Norwegian composer and keyboardist

Øystein Sevåg (born March 19, 1957) is a Norwegian composer and keyboardist. His music touches on classical, New Age and jazz styles.

==Biography==
Øystein Sevåg is a Norwegian composer, pianist and music producer. He was born in Bærum in 1957, beginning piano lessons at age five. As a teen he played bass in a rock band but returned to his classical roots in time to study piano, flute and composition at a private Music Conservatory in Oslo; by the 1980s, however, Sevåg had become fascinated by the possibilities offered by the development of the synthesizer, and he plunged into electronic music with his self-released 1989 debut LP Close Your Eyes and See.

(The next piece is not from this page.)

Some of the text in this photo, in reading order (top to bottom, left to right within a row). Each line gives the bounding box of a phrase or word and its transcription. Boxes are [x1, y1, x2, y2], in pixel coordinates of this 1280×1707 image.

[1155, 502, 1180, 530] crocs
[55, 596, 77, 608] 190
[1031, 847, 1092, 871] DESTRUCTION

The product of five years in the studio, the album slowly crept into Billboard's New Age charts in the USA, and it landed Sevåg on the Windham Hill label to issue the follow-up, 1993's Link. He returned two years later with Global House, a record reflecting a newfound interest in acoustic sounds and worldbeat textures, including didgeridoo and string quartet; the ambient album Visual, a collaboration with guitarist Lakki Patey, followed in 1996. Signing to Hearts of Space Records, Sevåg resurfaced in 1997 with the acclaimed Bridge, with the London Philharmonia Orchestra, winning the Indie Award in the USA for the best new age recording of the year.

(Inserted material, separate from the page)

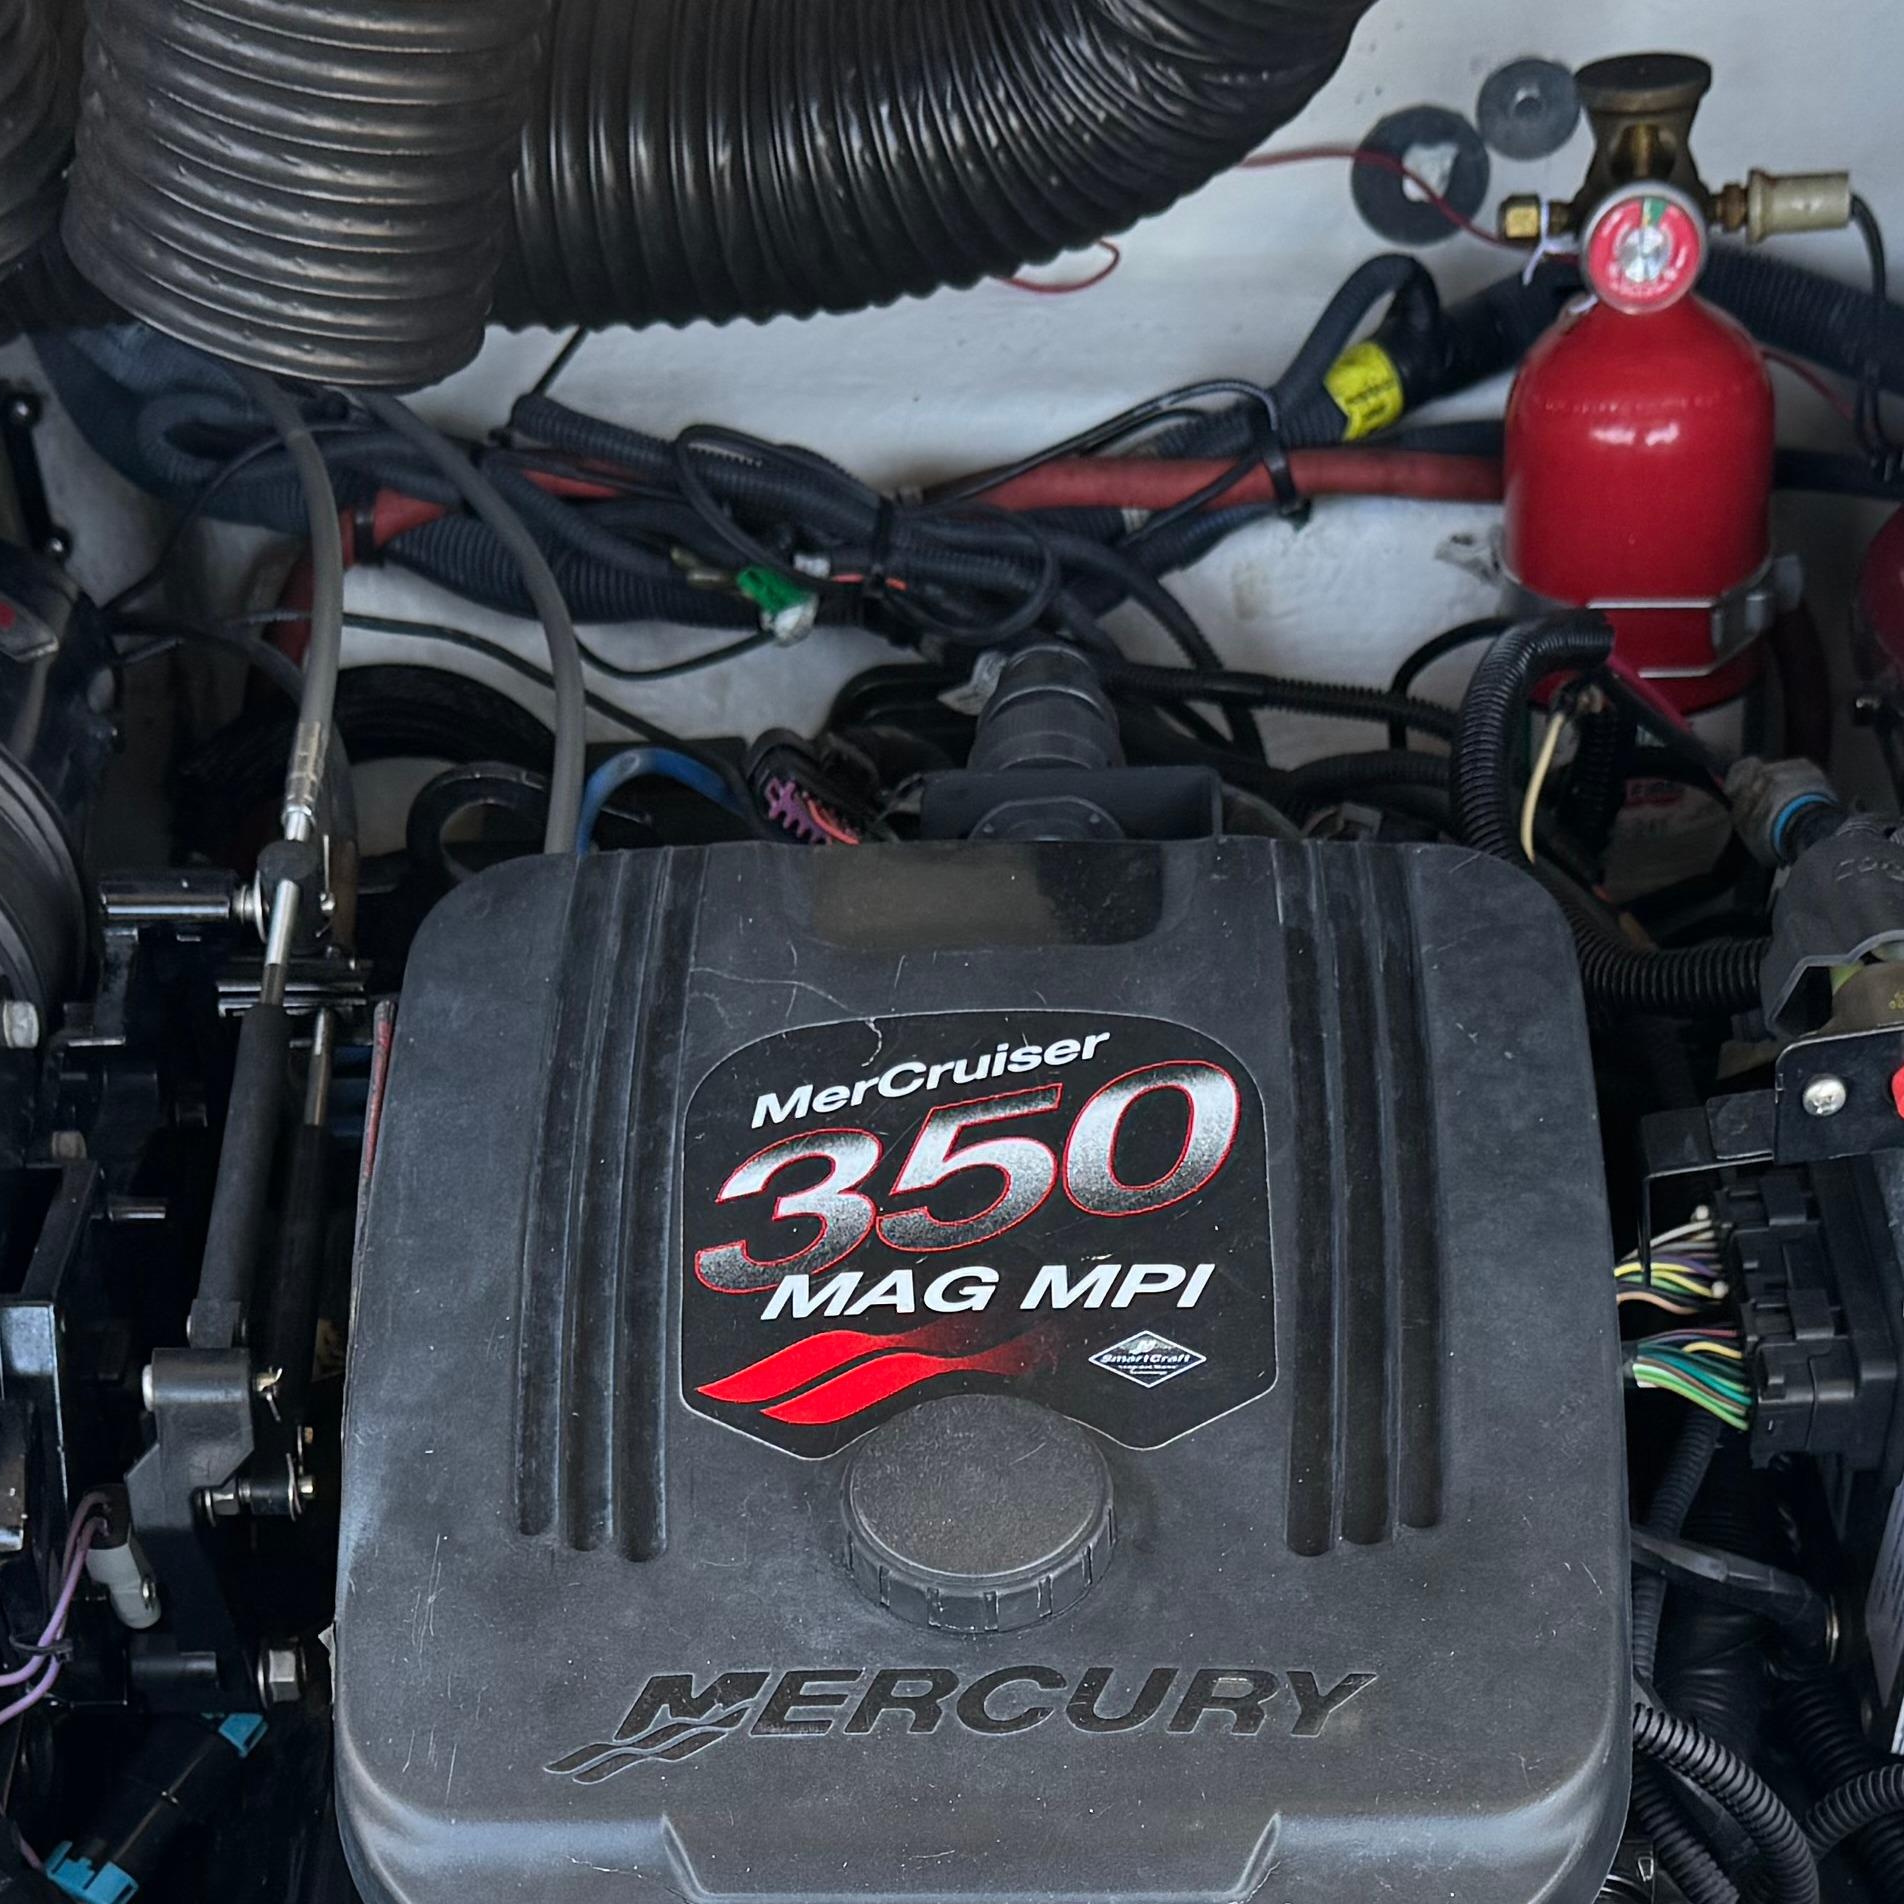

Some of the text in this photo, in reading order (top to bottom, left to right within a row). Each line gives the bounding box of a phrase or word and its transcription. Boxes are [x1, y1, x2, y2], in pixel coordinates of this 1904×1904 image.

[752, 1028, 1110, 1129] MerCruiser
[694, 1059, 1241, 1294] 350
[760, 1262, 1215, 1320] MAG MPI
[591, 1663, 1380, 1748] MERCURY

From 1999 to 2005, he lived in Freiburg, South Germany, where among other things he worked on music therapy together with Maria Sevag and the psychologist Katharina Martin.

In April 2005, Sevåg's new album Caravan was released, 8 years after his previous album Bridge. The new material was introduced on a concert in Oslo in March. In June one of his new compositions in the classical area - a string trio - had its first performance on Casa dei Mezzo Music Festival on Crete, Greece, and in April 2006 in Madrid. In October 2005 he had two concerts in Norway with his "Global House Band" - followed up by ten small solo concerts at the Vigeland Mausoleum in Oslo.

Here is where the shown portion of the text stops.